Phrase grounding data
[Start of section]
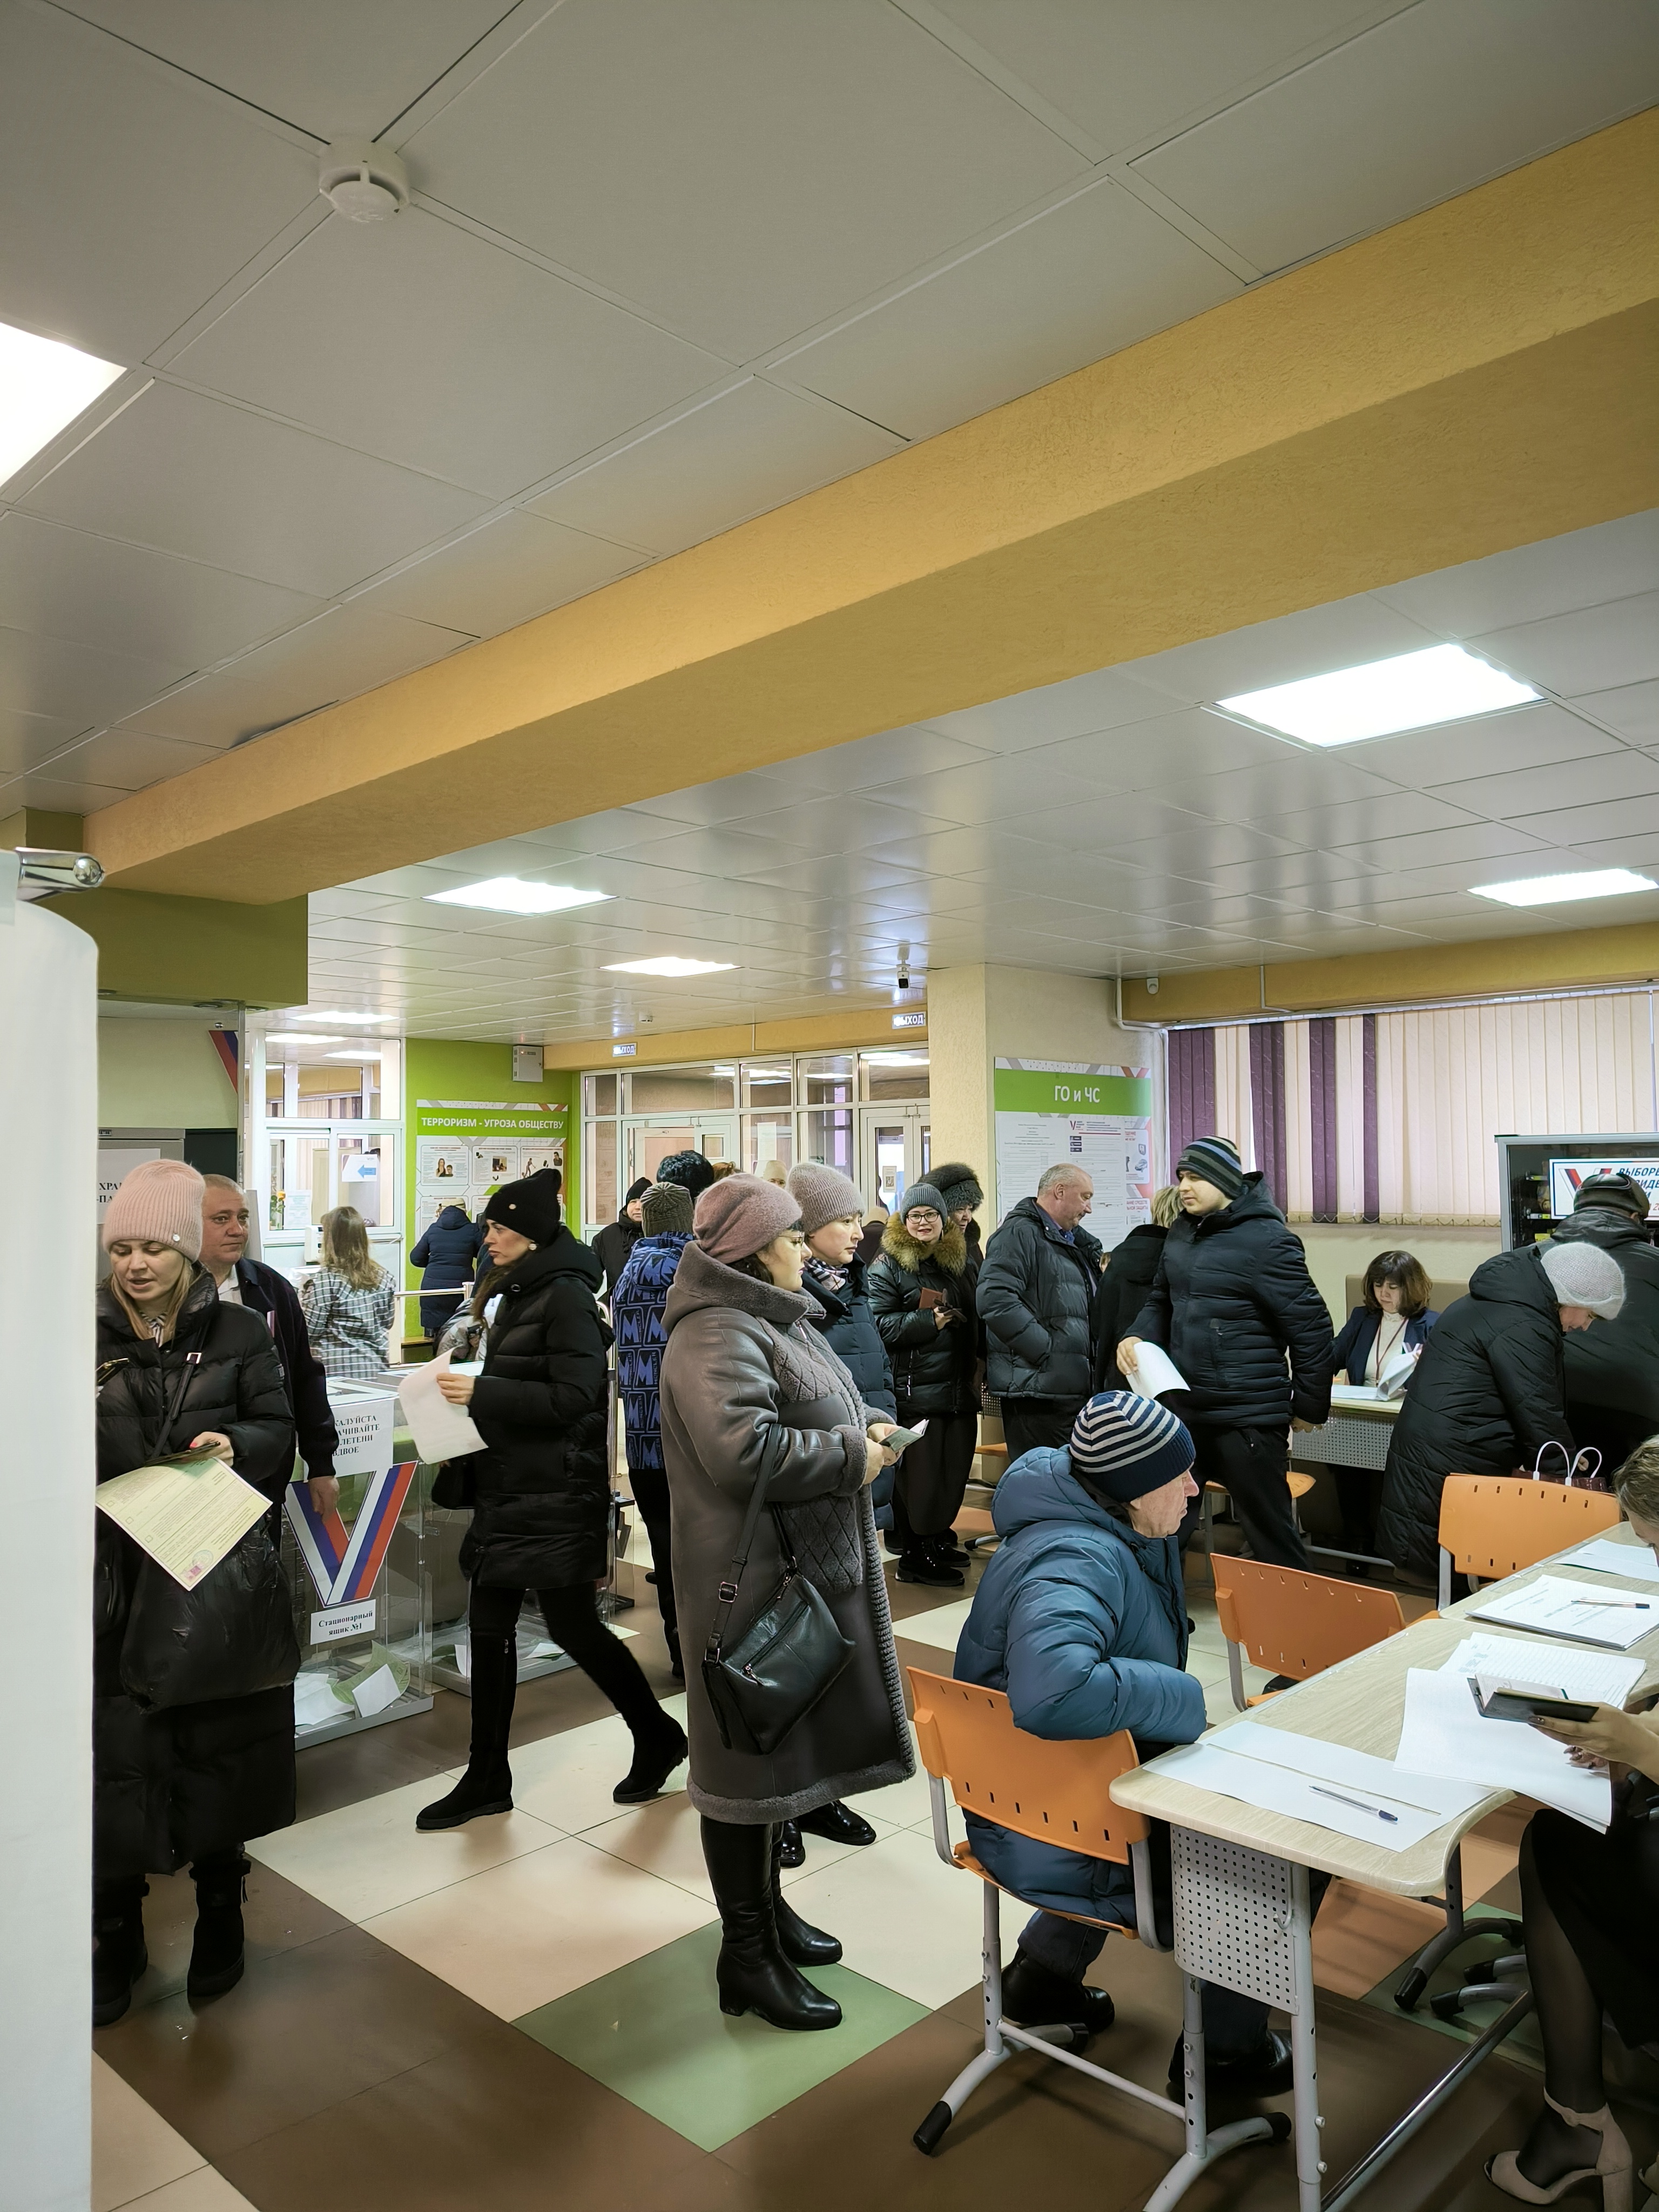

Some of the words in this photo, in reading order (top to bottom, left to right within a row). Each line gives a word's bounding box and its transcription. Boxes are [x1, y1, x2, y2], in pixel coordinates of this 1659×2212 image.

[1055, 1085, 1070, 1102] ГО
[1074, 1090, 1081, 1102] и
[1084, 1087, 1100, 1103] ЧС
[421, 1117, 476, 1127] ТЕРРОРИЗМ
[484, 1119, 516, 1128] УГРОЗА
[519, 1120, 563, 1129] ОБЩЕСТВУ
[333, 1446, 359, 1456] ВДВОЕ
[319, 1610, 373, 1627] Стационарный
[329, 1627, 349, 1636] ящик
[350, 1622, 362, 1631] №1
[End of section]
■ EXERCISE DESCRIPTION
Give the data again exactly. Keep the images out.

■ RESPONSE
Some of the words in this photo, in reading order (top to bottom, left to right within a row). Each line gives a word's bounding box and its transcription. Boxes are [x1, y1, x2, y2], in pixel coordinates of this 1659×2212 image.

[1055, 1085, 1070, 1102] ГО
[1074, 1090, 1081, 1102] и
[1084, 1087, 1100, 1103] ЧС
[421, 1117, 476, 1127] ТЕРРОРИЗМ
[484, 1119, 516, 1128] УГРОЗА
[519, 1120, 563, 1129] ОБЩЕСТВУ
[333, 1446, 359, 1456] ВДВОЕ
[319, 1610, 373, 1627] Стационарный
[329, 1627, 349, 1636] ящик
[350, 1622, 362, 1631] №1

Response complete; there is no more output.